Saved data entries:

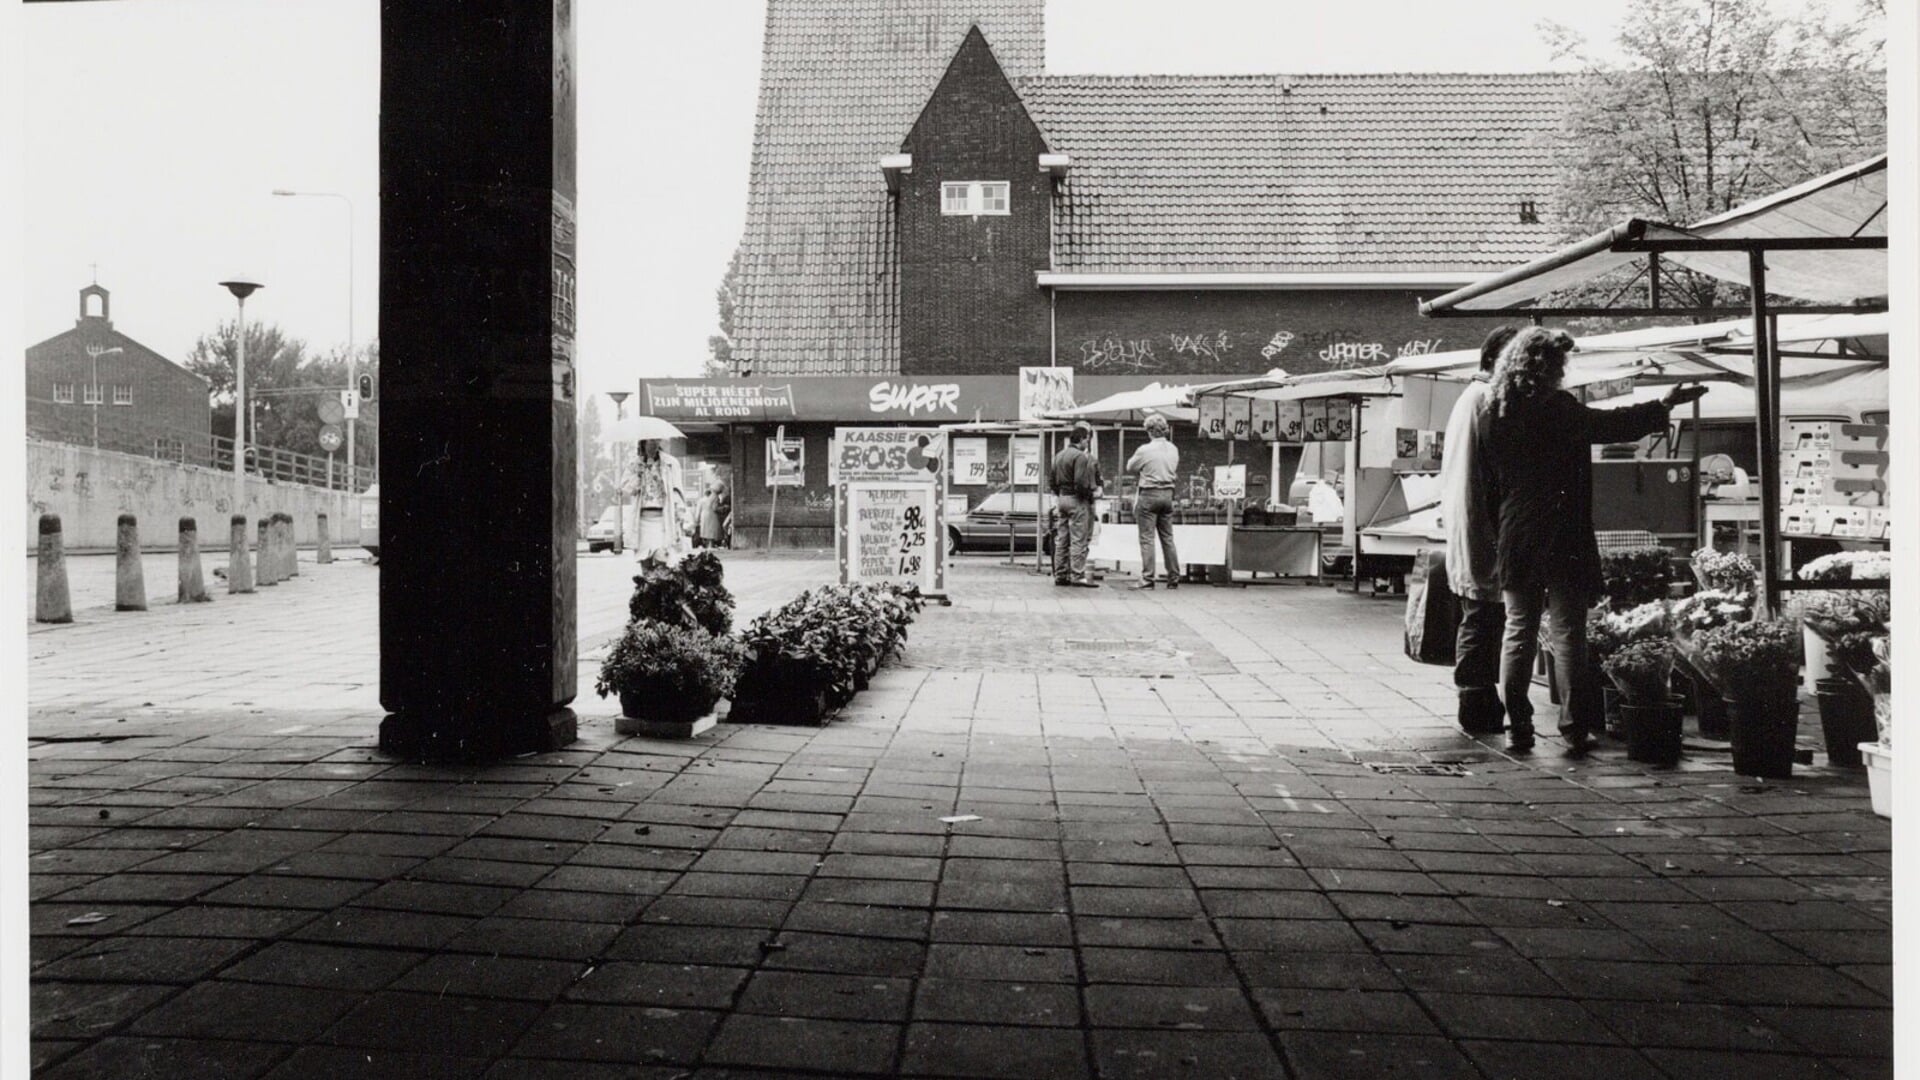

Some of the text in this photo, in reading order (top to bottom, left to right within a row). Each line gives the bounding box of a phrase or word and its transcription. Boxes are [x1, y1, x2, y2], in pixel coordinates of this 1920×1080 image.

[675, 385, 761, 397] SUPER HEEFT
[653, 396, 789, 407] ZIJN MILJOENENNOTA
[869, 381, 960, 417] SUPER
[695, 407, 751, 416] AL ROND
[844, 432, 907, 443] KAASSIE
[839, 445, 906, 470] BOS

• **PROMPT**
Quote all of the entries word for word, omitting any pictures.

• **RESPONSE**
Some of the text in this photo, in reading order (top to bottom, left to right within a row). Each line gives the bounding box of a phrase or word and its transcription. Boxes are [x1, y1, x2, y2], in pixel coordinates of this 1920×1080 image.

[675, 385, 761, 397] SUPER HEEFT
[653, 396, 789, 407] ZIJN MILJOENENNOTA
[869, 381, 960, 417] SUPER
[695, 407, 751, 416] AL ROND
[844, 432, 907, 443] KAASSIE
[839, 445, 906, 470] BOS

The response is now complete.